If that wasn’t bad enough when we got back to the hotel at 3am I disappeared for over 2 hours. Mrs DT was beside herself with worry so alerted the hotel staff, who then went off into a mini search party for me.

They never found me, but I eventually emerged at 5am soaking we from head to toe, like I’d been swimming. The hotel pool was searched, but I wasn’t there, so God knows where I ended up.

Maybe this post should go under the lucky escapes thread, as swimming while highly intoxicated is very very dangerous.

Still. I’ve learnt my lesson and certainly won’t be doing anything like that again in the future. :rcard:
I would be careful. This is a bit scary.

I have never forgotten the Bass player Will Sinnott from The Shamen, who died in 1991 (just after they finished filming the video for Move any Mountain - a new version of their prior release Pro-gen). He stayed on the beautiful Island for a holiday with his girlfriend and drowned.

I remember being so shocked, but also wondering what the exact circumstances were. The Shamen often talked about the use of drugs in interviews. It may have not been a factor in Will's death, he may have just got into trouble without the use of any substances, but it was an awful accidental death either way.

Incidentally, I wondered if The Shamen would continue, given that following Will's death the female singer decided to leave too. They did continue and had more success. I personally preferred the version of the Shamen they had before Will died though.
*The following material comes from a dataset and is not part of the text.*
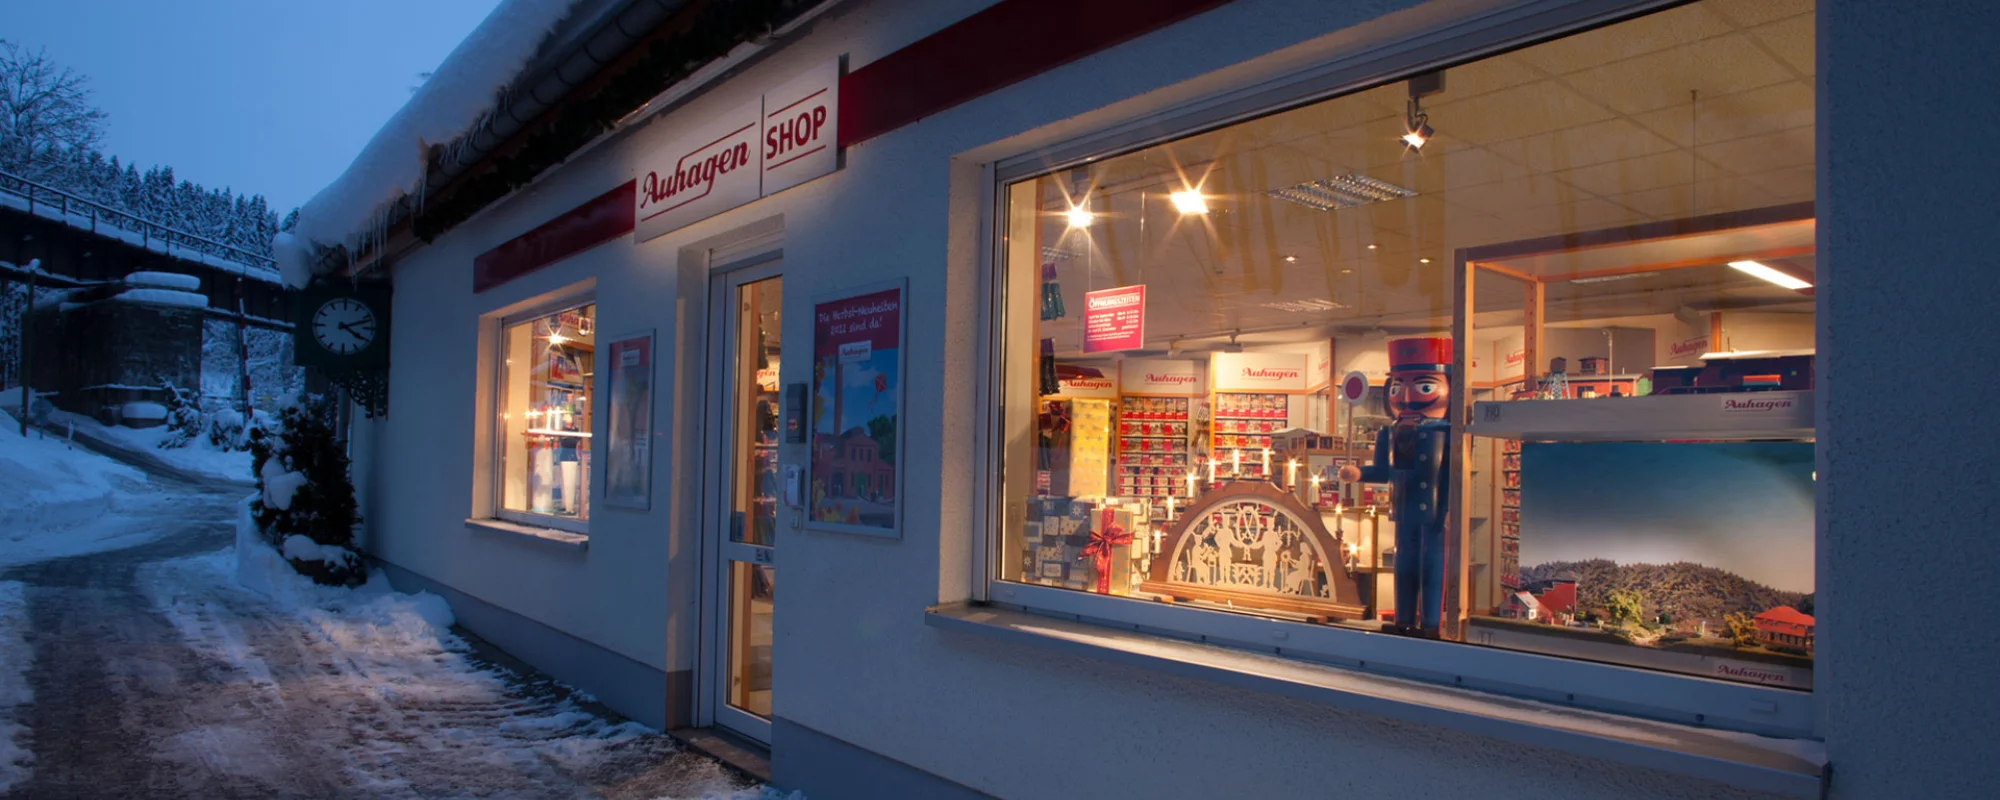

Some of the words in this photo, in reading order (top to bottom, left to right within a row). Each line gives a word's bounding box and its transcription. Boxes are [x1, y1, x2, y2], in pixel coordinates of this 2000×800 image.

Deaths by drowning are all too common. In the UK there are often drownings during heatwaves - usually young people who go into water and get into difficulties. On holidays worldwide people don't always know which places are dangerous to swim and get into trouble too.

I wonder if you had a shower rather than went swimming?
 
Have you believed ever since then, that rain in Norfolk smells like wee?

maximus otter
Blackpool smells of wee. It did the last time I was there because the drains were backed up because of the rain. But it stank of piss.
 
I woke up early one morning while on a camping holiday in Caister, when I was about 20, and I was soaking wet from the waist down with no explanation.
The following day my buddies who I was camping with advised me that I had left the bar before them, and 20 minutes later when they got back to the tent I had managed to make it all the way back, unzipped the tentflaps and must have drunkenly passed out with my top half inside the tent but my legs outside. And it had been lashing it down with rain for a while. So they dragged me inside and placed me on my sleeping bag.
So did you have a good time??
 
So did you have a good time??
Well it was over 30 years and it was a rather drunken affair +.
So my memory is not pin-sharp of the whole affair, but IIRC it was quite a fun time we had.
The campsite cafe did a sort of 'steakwich' thing which was nice.
We took a whole load of cheap 'booze cruise' lagers that had been bought on a trip to Calais by my friend.
The tent was massive - once fully erected it was big enough to stand up fully inside, with 4 separate compartments plus a 'lounge' area!